* Dataset excerpts
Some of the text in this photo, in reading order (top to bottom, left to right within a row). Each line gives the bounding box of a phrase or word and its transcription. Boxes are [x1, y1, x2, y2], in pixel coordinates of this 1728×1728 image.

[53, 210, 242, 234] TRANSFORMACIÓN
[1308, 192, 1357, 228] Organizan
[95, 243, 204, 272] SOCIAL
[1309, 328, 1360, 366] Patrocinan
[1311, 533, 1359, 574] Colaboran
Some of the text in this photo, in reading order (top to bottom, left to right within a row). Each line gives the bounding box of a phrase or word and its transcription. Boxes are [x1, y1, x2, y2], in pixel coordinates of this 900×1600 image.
==
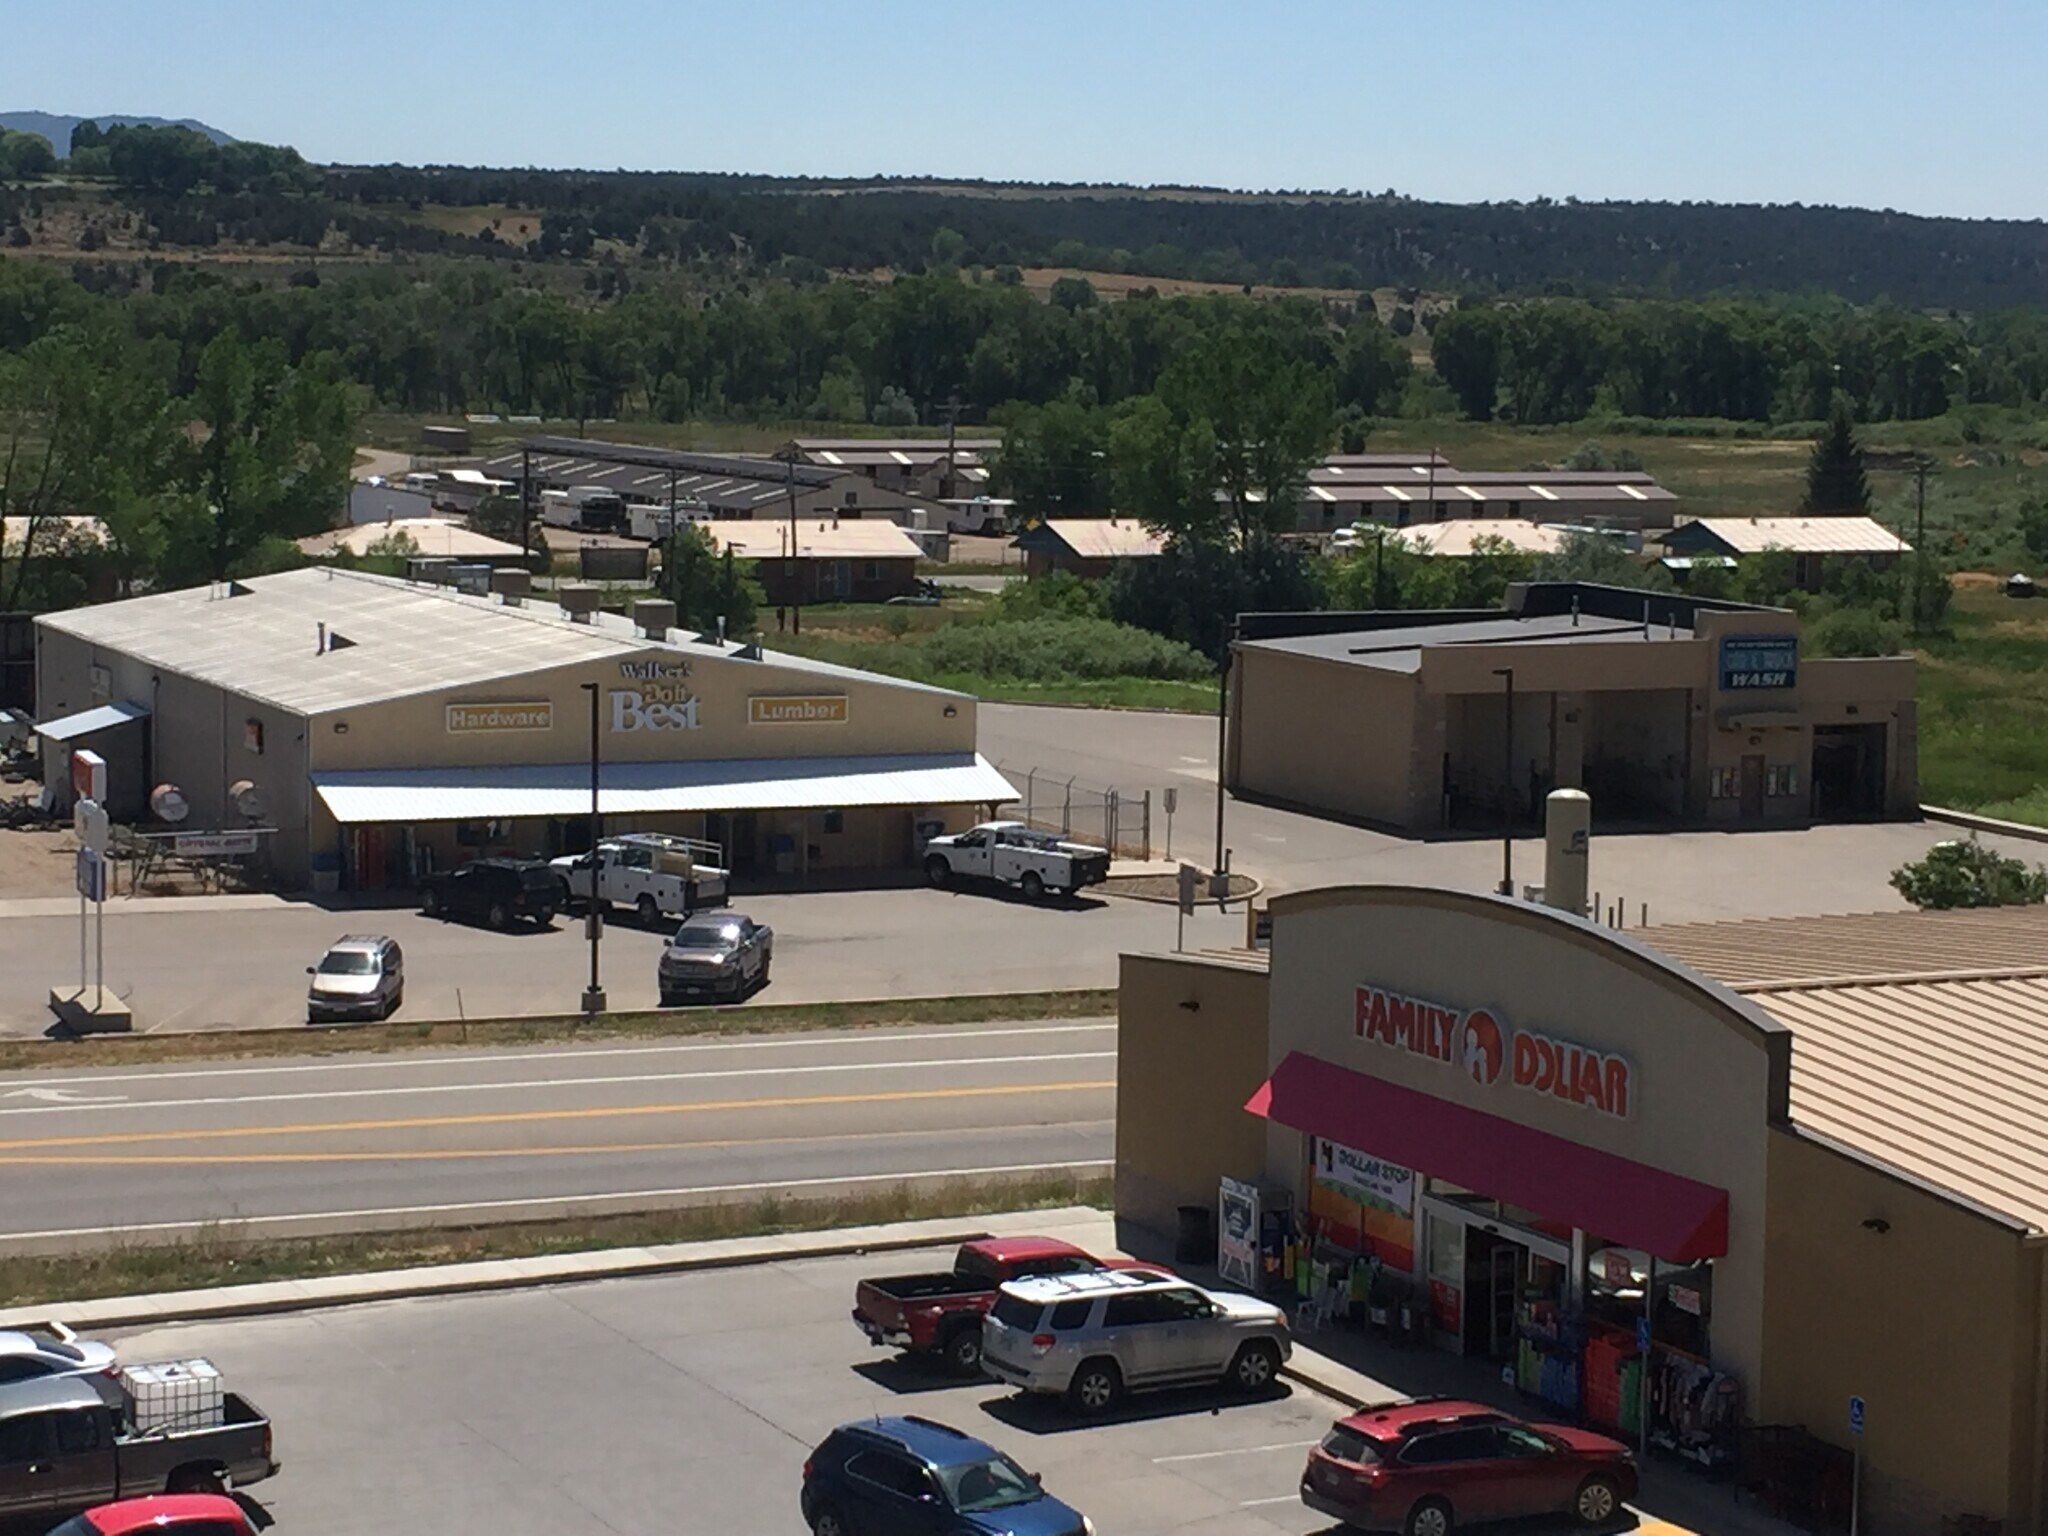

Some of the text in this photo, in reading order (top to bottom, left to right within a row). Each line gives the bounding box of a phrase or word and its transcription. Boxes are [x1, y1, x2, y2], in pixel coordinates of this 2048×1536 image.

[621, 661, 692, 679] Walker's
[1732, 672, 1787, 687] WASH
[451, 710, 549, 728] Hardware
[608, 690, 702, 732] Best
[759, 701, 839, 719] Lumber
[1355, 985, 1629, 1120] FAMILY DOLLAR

* Problem statement
Using the records above, copy word for word the line with "this 1728×1728 image.", the line with "this 900×1600 image.", and every line between them.

* Written solution
Some of the text in this photo, in reading order (top to bottom, left to right within a row). Each line gives the bounding box of a phrase or word and its transcription. Boxes are [x1, y1, x2, y2], in pixel coordinates of this 1728×1728 image.

[53, 210, 242, 234] TRANSFORMACIÓN
[1308, 192, 1357, 228] Organizan
[95, 243, 204, 272] SOCIAL
[1309, 328, 1360, 366] Patrocinan
[1311, 533, 1359, 574] Colaboran
Some of the text in this photo, in reading order (top to bottom, left to right within a row). Each line gives the bounding box of a phrase or word and its transcription. Boxes are [x1, y1, x2, y2], in pixel coordinates of this 900×1600 image.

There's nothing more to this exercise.